Dengue fever has become one of the most important human viral diseases transmitted by arthropod vector in tropical and subtropical countries of the world. As many as 100 million people are infected yearly resulting in estimated 21,000 deaths. DENV has four antigenically related but genetically distinct serotypes (DENV 1-4). Infection with any of the four serotypes may present as asymptomatic or self limiting mild febrile illness known as dengue fever (DF). However , in some dengue-infected individual, the disease progresses to its severe, life-threatening form, dengue hemorrhagic fever (DHF) and dengue shock syndrome (DSS) which may prove fatal without proper early intervention. The pathogenesis of DHF/DSS, however, is not yet completely understood. There are several possible reasons why the primary mild disease progresses to severe form of hemorrhagic manifestations in some individuals. The immune response, Antibody dependent enhancement, virus virulence, and host genetic background are considered risk factors contributing to disease severity . Genetic polymorphisms concerning human leukocyte antigens (HLA) with immunomodulatory effect in dengue infection have been determined in various studies. Human leukocyte antigens (HLA) are highly polymorphic group of genes located on chromosome 6 of human major histocompatibility complex (MHC). HLAs expressed on the cell surface function as antigen presenting molecules and that polymorphism can change individual's immune response. The development of dengue hemorrhagic fever (DHF)/dengue shock syndrome (DSS) has been associated with HLA alleles.

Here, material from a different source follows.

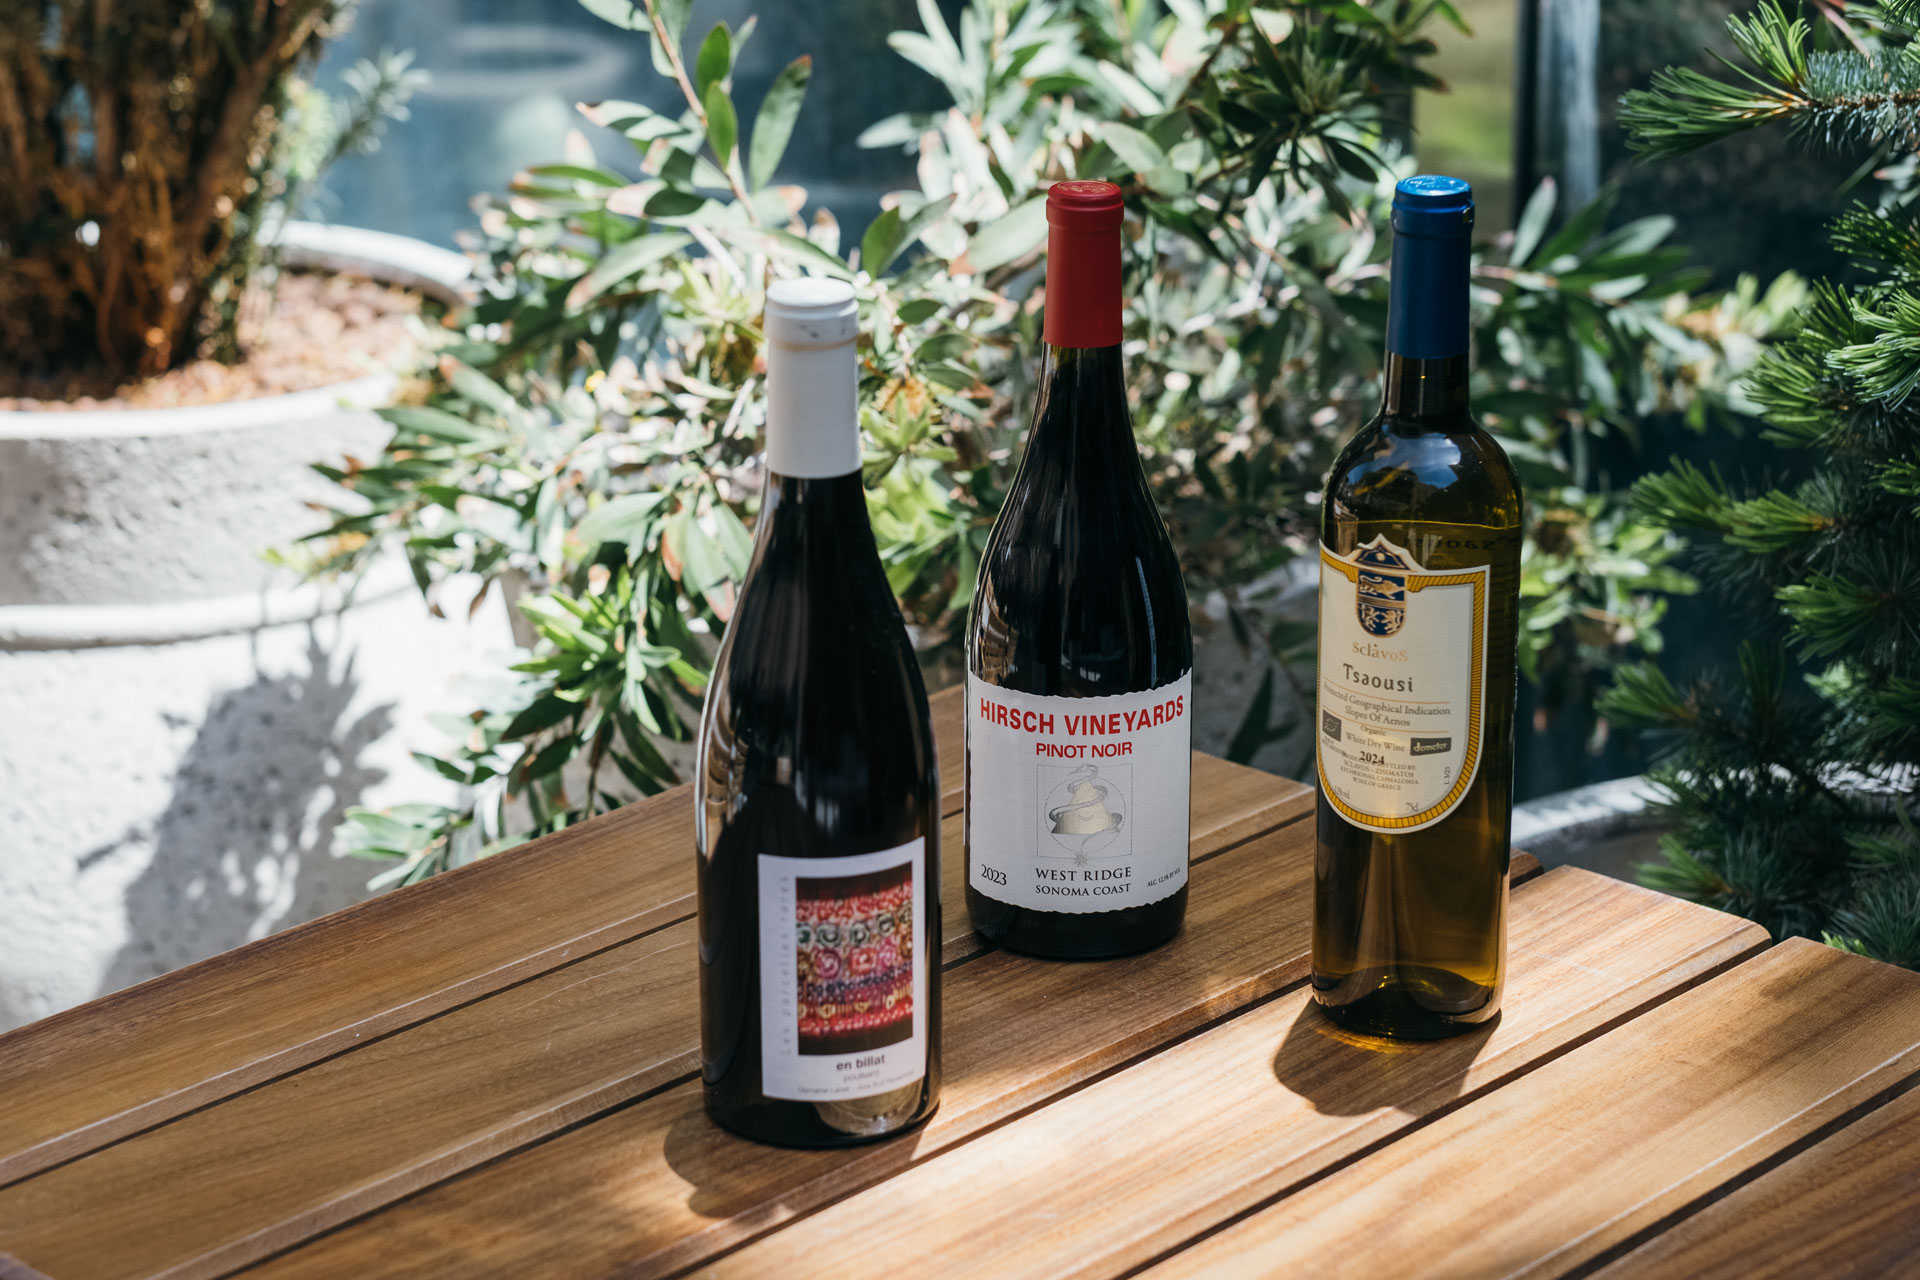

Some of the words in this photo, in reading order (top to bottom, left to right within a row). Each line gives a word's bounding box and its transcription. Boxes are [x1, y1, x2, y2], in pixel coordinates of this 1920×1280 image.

Several studies demonstrate the association of various identified versions (alleles) of HLA class I and class II with conferring susceptibility or protection to DHF/DSS. This review discusses recently identified associations of various HLA class I and class II alleles on enhanced or diminished immune response in the course of dengue viral infection, in ethnically and geographically distinct populations.